Stored items:

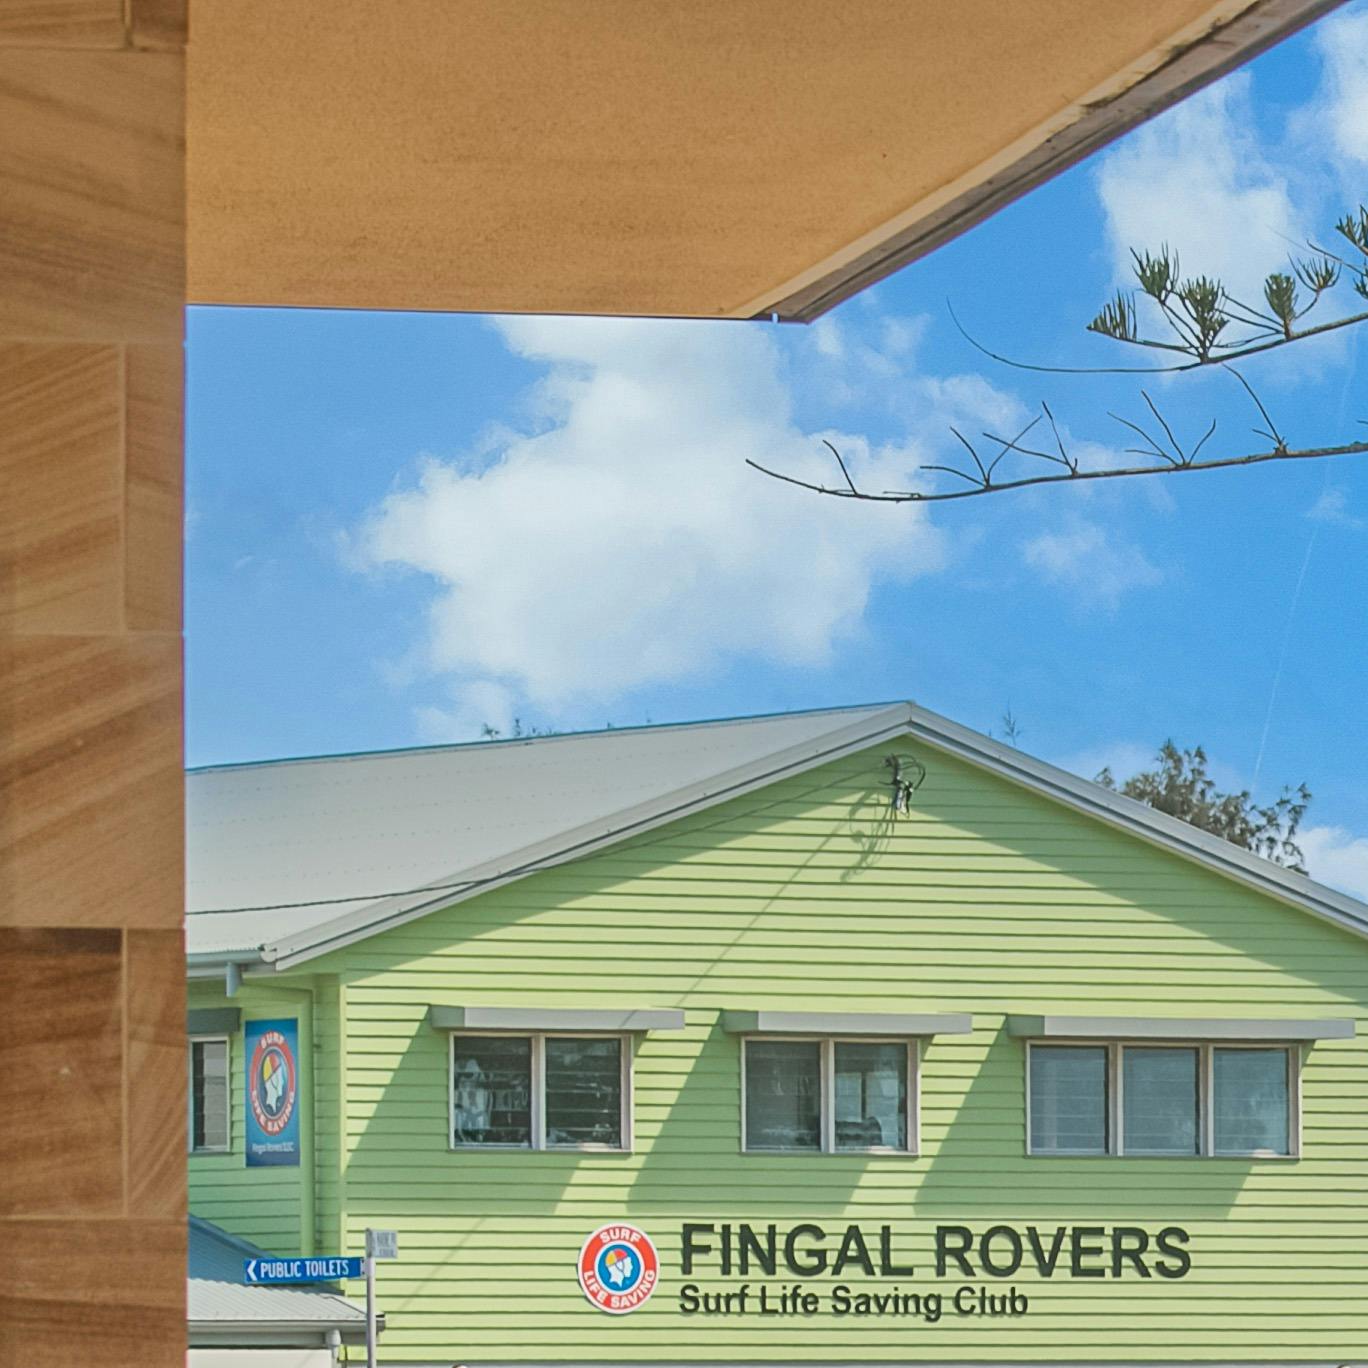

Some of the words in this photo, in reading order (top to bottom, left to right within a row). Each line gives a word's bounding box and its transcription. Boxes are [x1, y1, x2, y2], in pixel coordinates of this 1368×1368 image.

[260, 1032, 285, 1049] SURF
[267, 1091, 295, 1132] SAVING
[599, 1228, 641, 1243] SURF
[680, 1223, 914, 1277] FINGAL
[935, 1226, 1192, 1278] ROVERS
[260, 1261, 302, 1279] PUBLIC
[305, 1259, 349, 1277] TOILETS
[583, 1270, 608, 1304] LIFE
[610, 1269, 655, 1308] SAVING
[679, 1284, 750, 1318] Surf
[760, 1285, 819, 1318] Life
[832, 1286, 943, 1323] Saving
[953, 1286, 1029, 1318] Club

GOAL OF THE EXERCISE -
Each line above should be set down exactly as written, with pictures excluded.

ANSWER SPACE -
Some of the words in this photo, in reading order (top to bottom, left to right within a row). Each line gives a word's bounding box and its transcription. Boxes are [x1, y1, x2, y2], in pixel coordinates of this 1368×1368 image.

[260, 1032, 285, 1049] SURF
[267, 1091, 295, 1132] SAVING
[599, 1228, 641, 1243] SURF
[680, 1223, 914, 1277] FINGAL
[935, 1226, 1192, 1278] ROVERS
[260, 1261, 302, 1279] PUBLIC
[305, 1259, 349, 1277] TOILETS
[583, 1270, 608, 1304] LIFE
[610, 1269, 655, 1308] SAVING
[679, 1284, 750, 1318] Surf
[760, 1285, 819, 1318] Life
[832, 1286, 943, 1323] Saving
[953, 1286, 1029, 1318] Club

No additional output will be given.